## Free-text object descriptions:
-- Opening Marker --

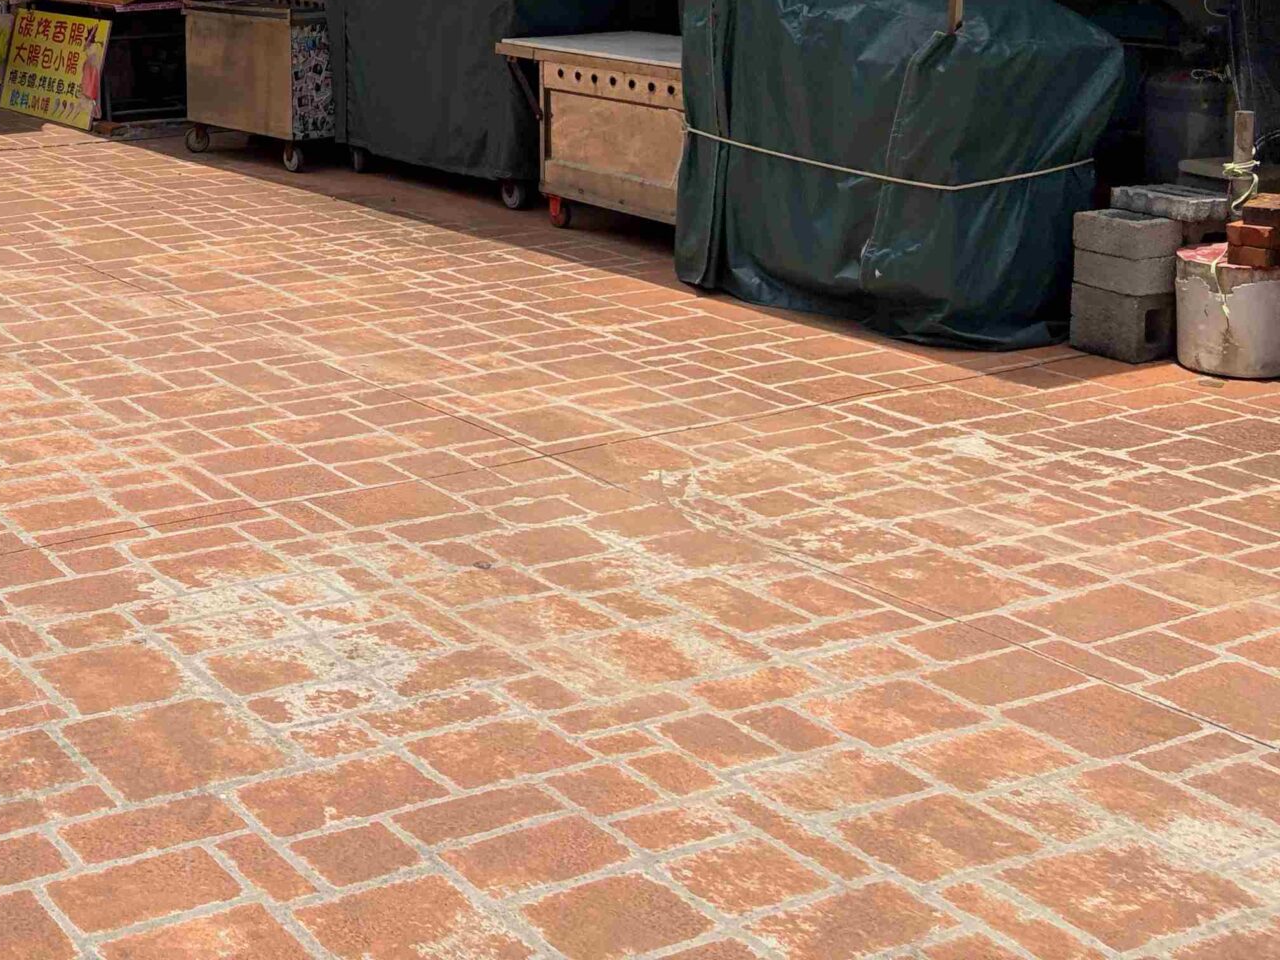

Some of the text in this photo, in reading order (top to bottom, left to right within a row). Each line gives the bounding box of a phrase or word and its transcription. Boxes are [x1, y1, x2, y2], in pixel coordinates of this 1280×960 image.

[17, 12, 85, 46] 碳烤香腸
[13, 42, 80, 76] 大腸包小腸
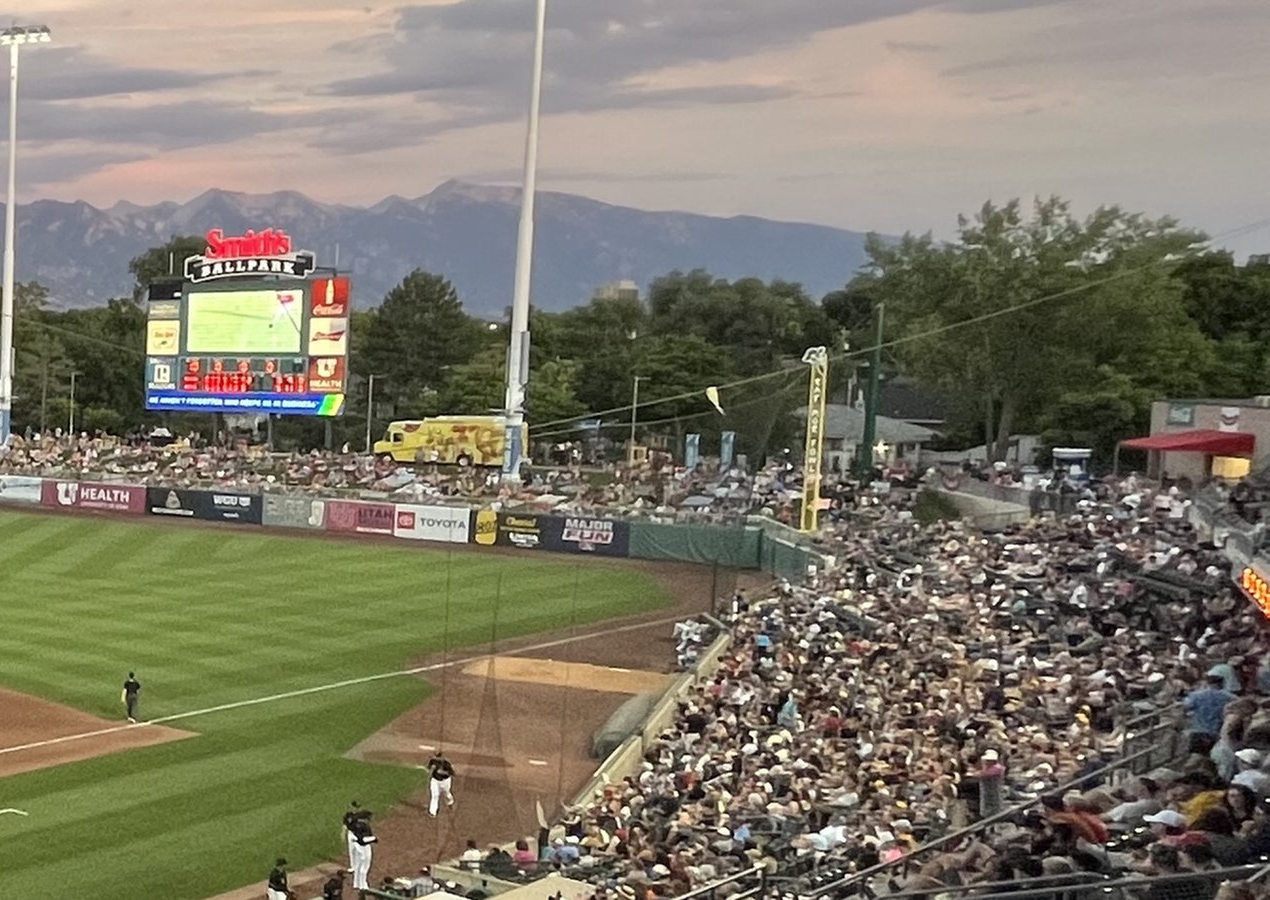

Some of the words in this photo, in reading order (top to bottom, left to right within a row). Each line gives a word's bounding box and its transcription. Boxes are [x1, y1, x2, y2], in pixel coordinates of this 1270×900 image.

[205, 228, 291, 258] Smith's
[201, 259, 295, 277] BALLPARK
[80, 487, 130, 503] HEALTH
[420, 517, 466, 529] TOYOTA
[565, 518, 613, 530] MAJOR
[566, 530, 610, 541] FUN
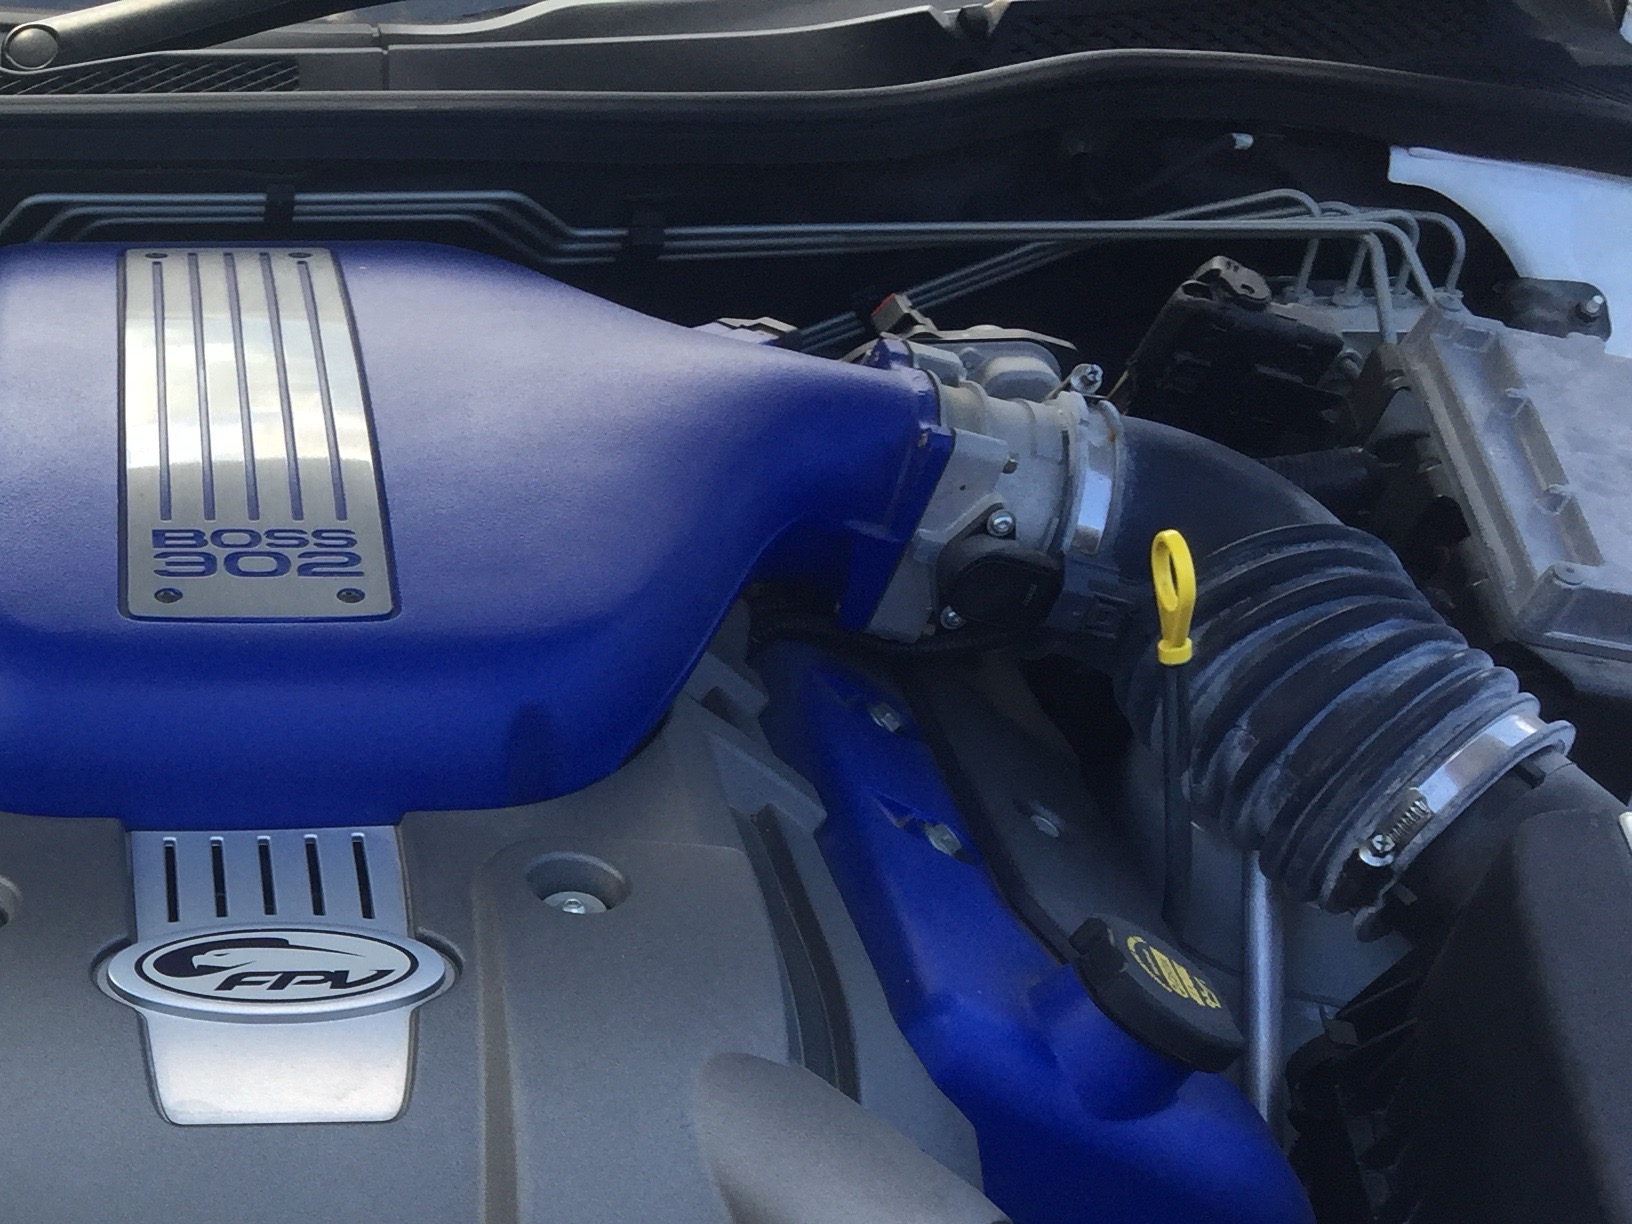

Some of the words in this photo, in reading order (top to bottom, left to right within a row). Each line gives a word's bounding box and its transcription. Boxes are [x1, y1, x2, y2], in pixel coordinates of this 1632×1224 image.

-- Closing Marker --

## What this task involves:
All of the data above needs to be retyped exactly, with the pictures removed.

## Task result:
Some of the text in this photo, in reading order (top to bottom, left to right within a row). Each line gives the bounding box of a phrase or word and its transcription. Boxes are [x1, y1, x2, y2], in pixel coordinates of this 1280×960 image.

[17, 12, 85, 46] 碳烤香腸
[13, 42, 80, 76] 大腸包小腸

Some of the words in this photo, in reading order (top to bottom, left to right within a row). Each line gives a word's bounding box and its transcription. Boxes are [x1, y1, x2, y2], in pixel coordinates of this 1270×900 image.

[205, 228, 291, 258] Smith's
[201, 259, 295, 277] BALLPARK
[80, 487, 130, 503] HEALTH
[420, 517, 466, 529] TOYOTA
[565, 518, 613, 530] MAJOR
[566, 530, 610, 541] FUN

Some of the words in this photo, in reading order (top to bottom, left to right within a row). Each line gives a word's bounding box and its transcription. Boxes are [x1, y1, x2, y2], in pixel coordinates of this 1632×1224 image.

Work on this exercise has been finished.